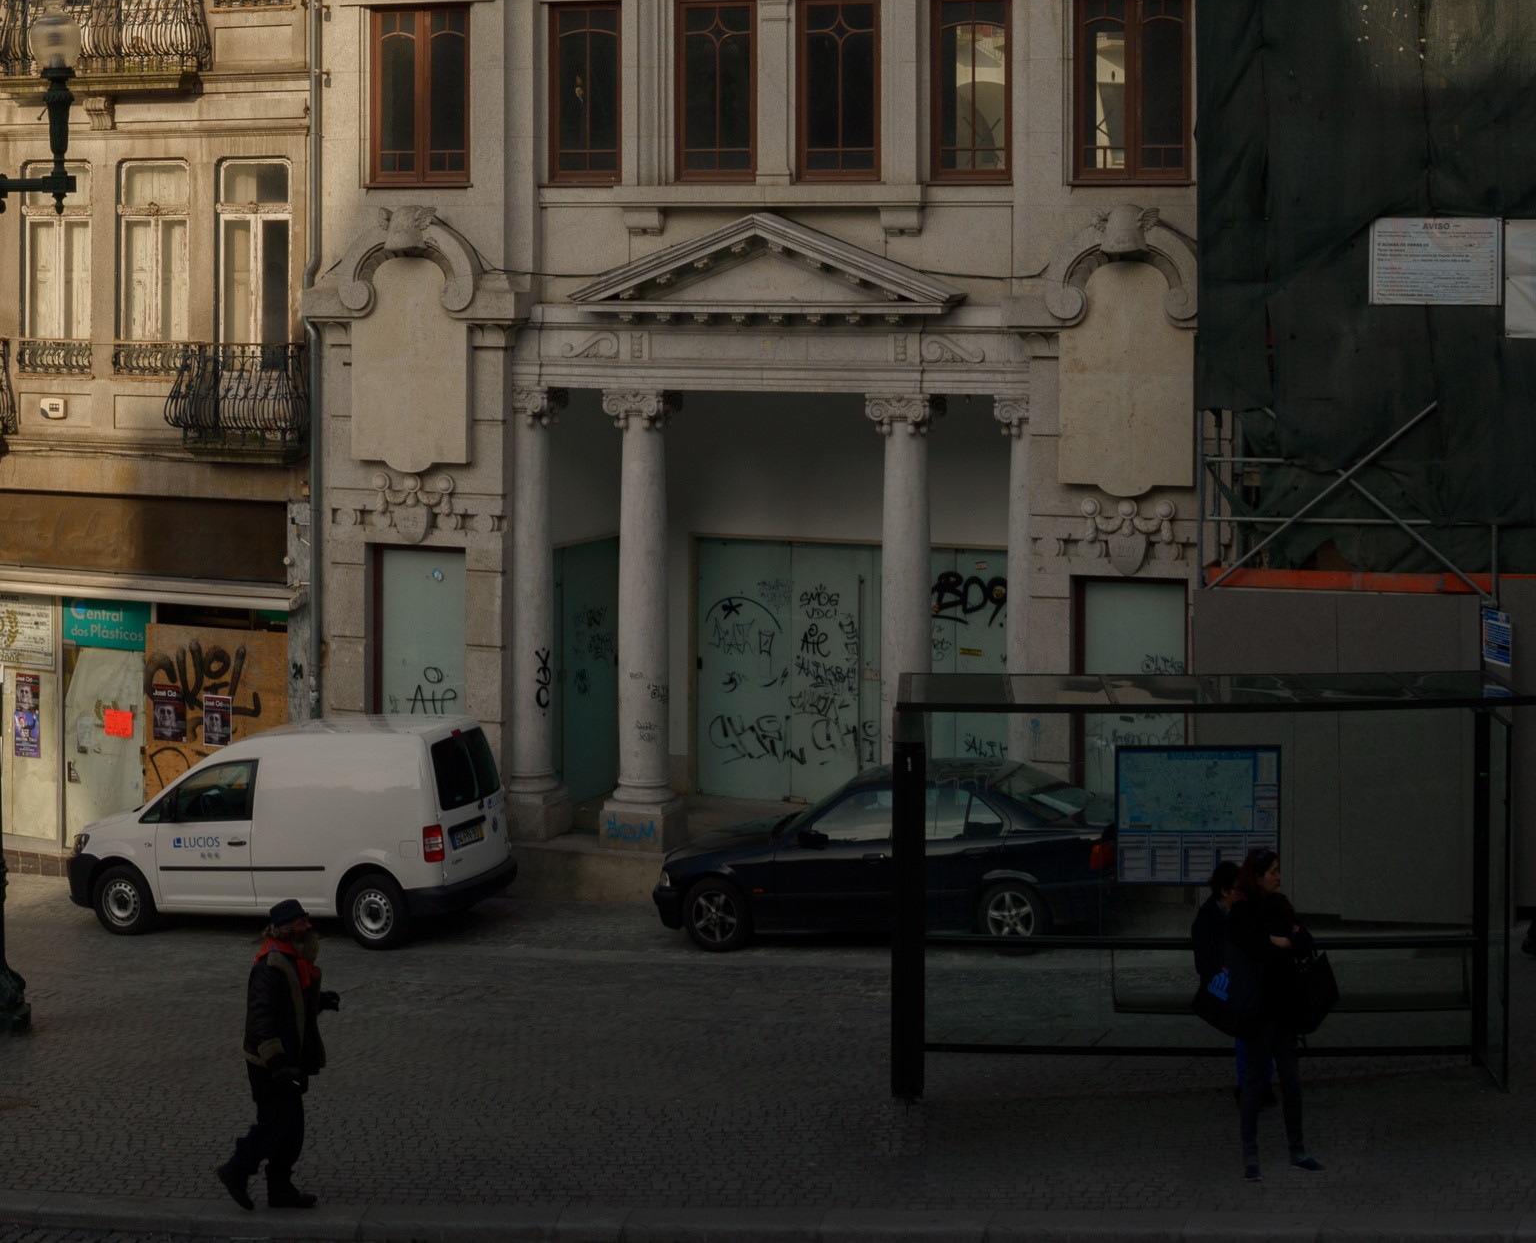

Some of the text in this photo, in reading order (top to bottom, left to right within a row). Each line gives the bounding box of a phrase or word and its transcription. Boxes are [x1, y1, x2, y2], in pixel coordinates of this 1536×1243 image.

[1422, 222, 1450, 230] AVISO
[70, 597, 123, 622] Central
[70, 624, 144, 643] dos Plásticos
[152, 688, 167, 696] José
[183, 836, 220, 848] LUCIOS
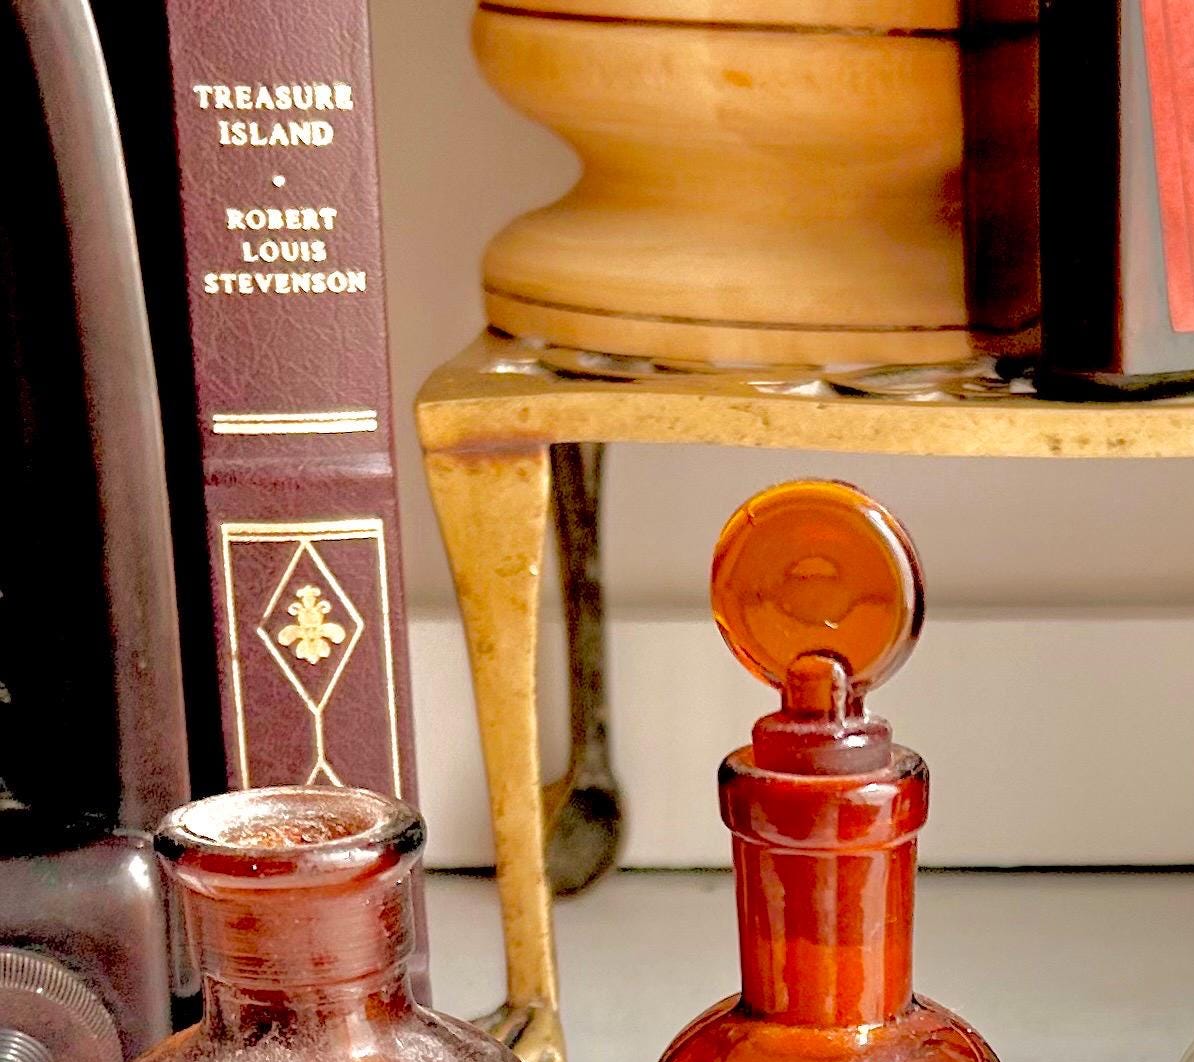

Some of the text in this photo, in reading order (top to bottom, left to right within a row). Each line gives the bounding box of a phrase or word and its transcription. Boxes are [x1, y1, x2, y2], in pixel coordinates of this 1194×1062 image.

[193, 82, 353, 110] TREASURE
[217, 120, 334, 147] ISLAND
[226, 206, 338, 230] ROBERT
[240, 239, 327, 262] LOUIS
[203, 271, 367, 294] STEVENSON
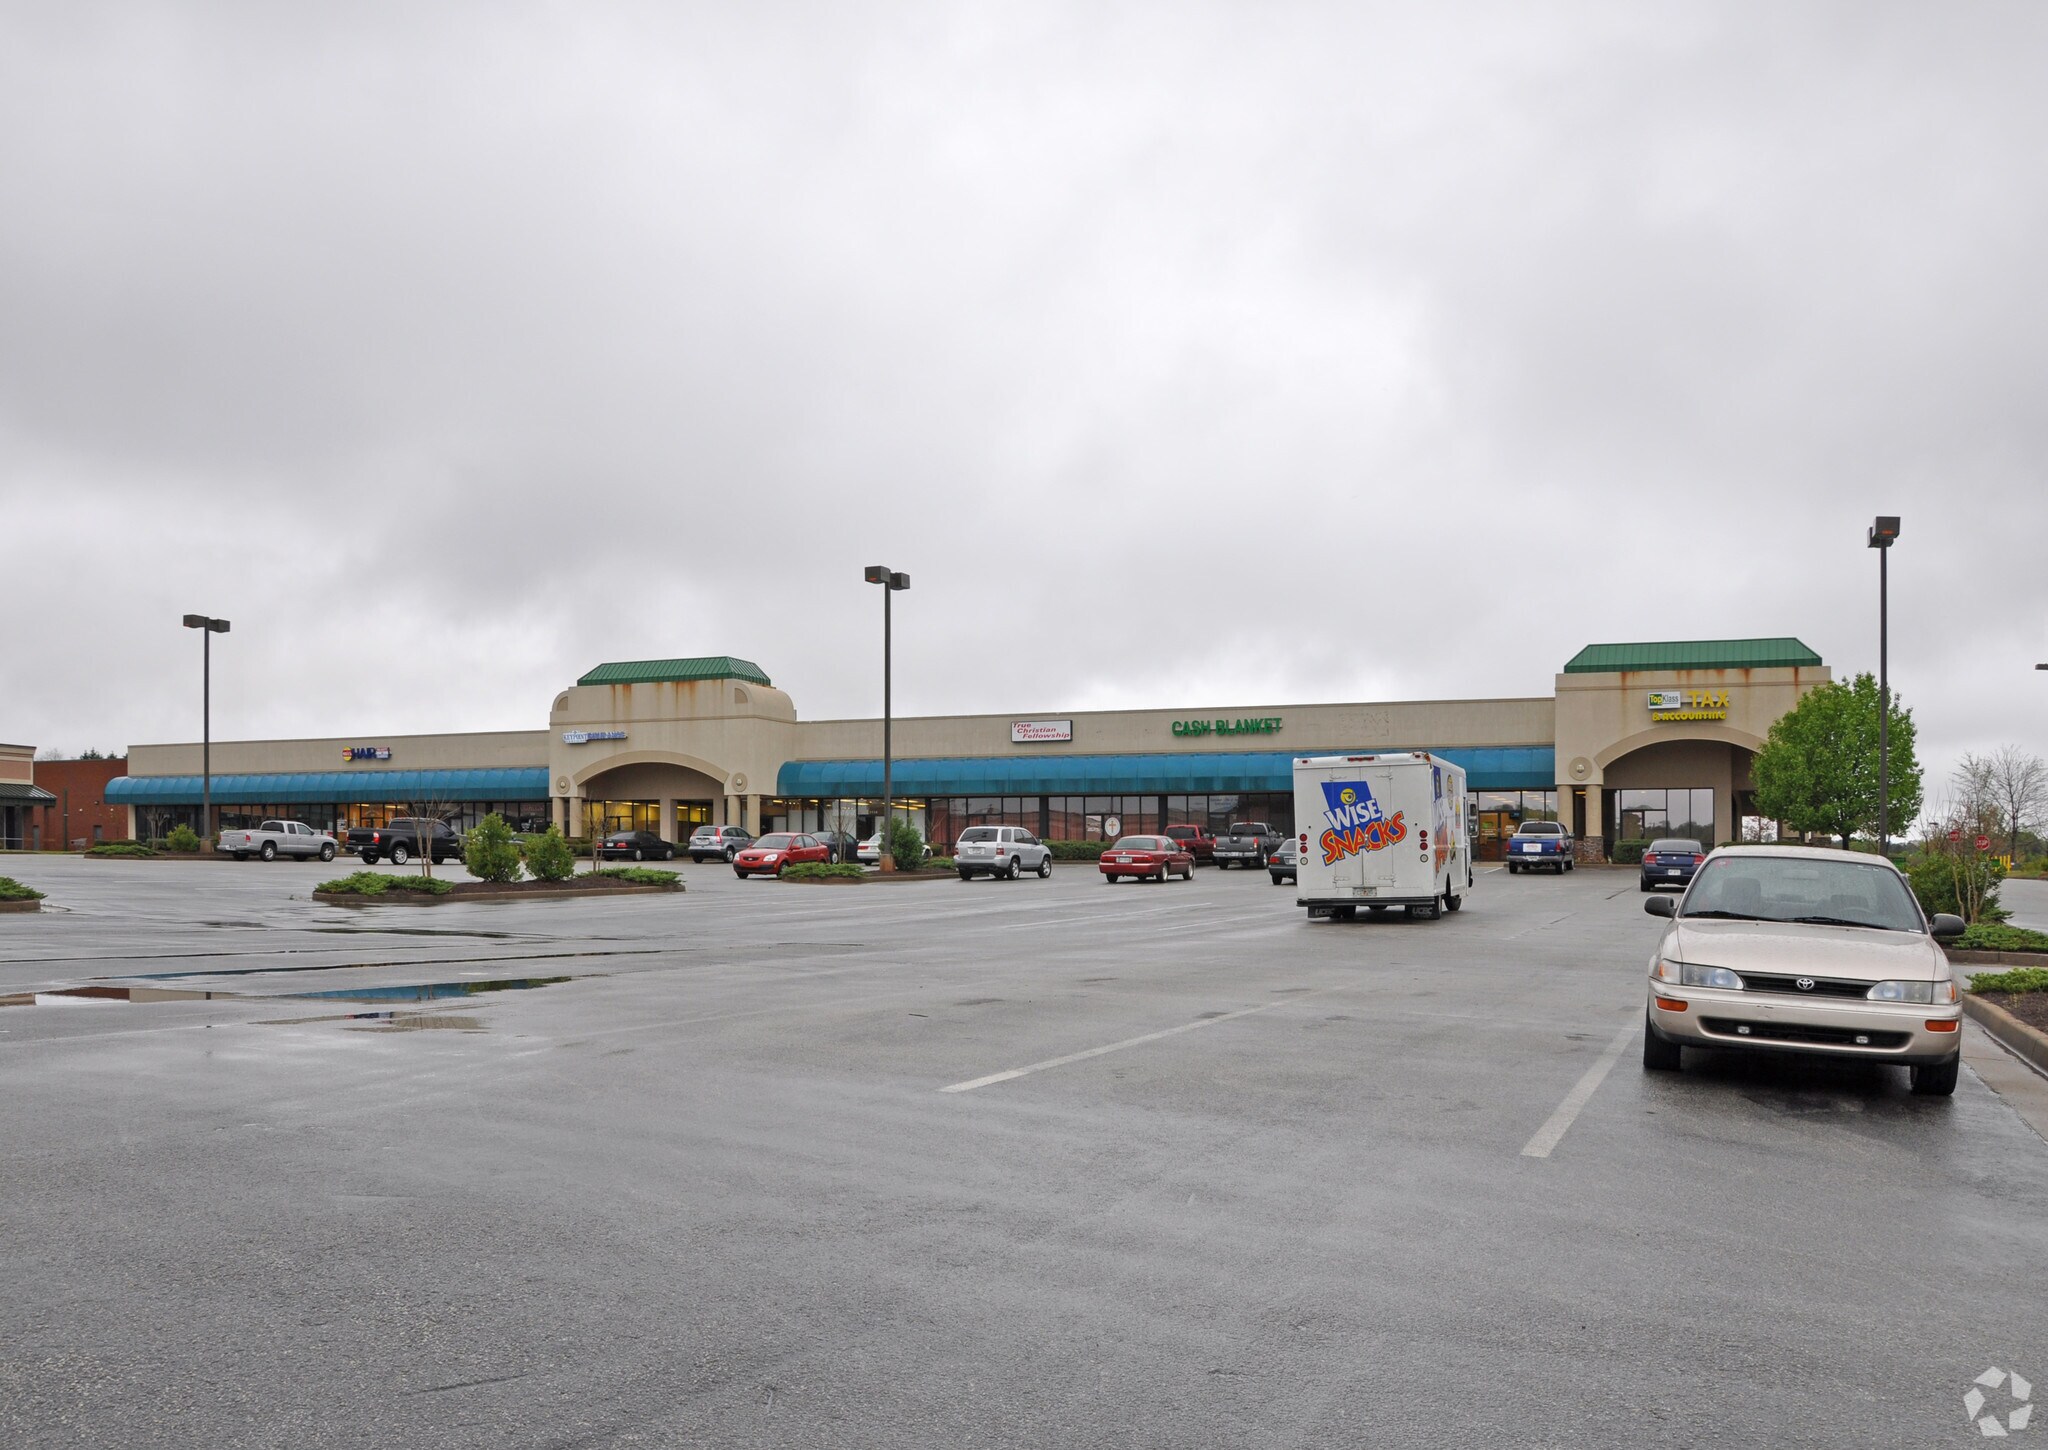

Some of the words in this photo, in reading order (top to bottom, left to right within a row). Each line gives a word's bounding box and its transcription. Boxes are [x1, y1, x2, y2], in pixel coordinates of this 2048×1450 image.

[1688, 690, 1729, 708] TAX
[1662, 711, 1727, 720] ACCOUNTING
[1171, 720, 1211, 737] CASH
[1215, 717, 1282, 736] BLANKET
[1324, 799, 1382, 830] WISE
[1319, 810, 1407, 866] SNACKS
******
## Description of the task
Word for word, give the listing above again, but drop any pictures.

## Task result
Some of the text in this photo, in reading order (top to bottom, left to right within a row). Each line gives the bounding box of a phrase or word and its transcription. Boxes are [x1, y1, x2, y2], in pixel coordinates of this 1536×1243 image.

[1422, 222, 1450, 230] AVISO
[70, 597, 123, 622] Central
[70, 624, 144, 643] dos Plásticos
[152, 688, 167, 696] José
[183, 836, 220, 848] LUCIOS

Some of the text in this photo, in reading order (top to bottom, left to right within a row). Each line gives the bounding box of a phrase or word and its transcription. Boxes are [x1, y1, x2, y2], in pixel coordinates of this 1194×1062 image.

[193, 82, 353, 110] TREASURE
[217, 120, 334, 147] ISLAND
[226, 206, 338, 230] ROBERT
[240, 239, 327, 262] LOUIS
[203, 271, 367, 294] STEVENSON

Some of the words in this photo, in reading order (top to bottom, left to right within a row). Each line gives a word's bounding box and its transcription. Boxes are [x1, y1, x2, y2], in pixel coordinates of this 2048×1450 image.

[1688, 690, 1729, 708] TAX
[1662, 711, 1727, 720] ACCOUNTING
[1171, 720, 1211, 737] CASH
[1215, 717, 1282, 736] BLANKET
[1324, 799, 1382, 830] WISE
[1319, 810, 1407, 866] SNACKS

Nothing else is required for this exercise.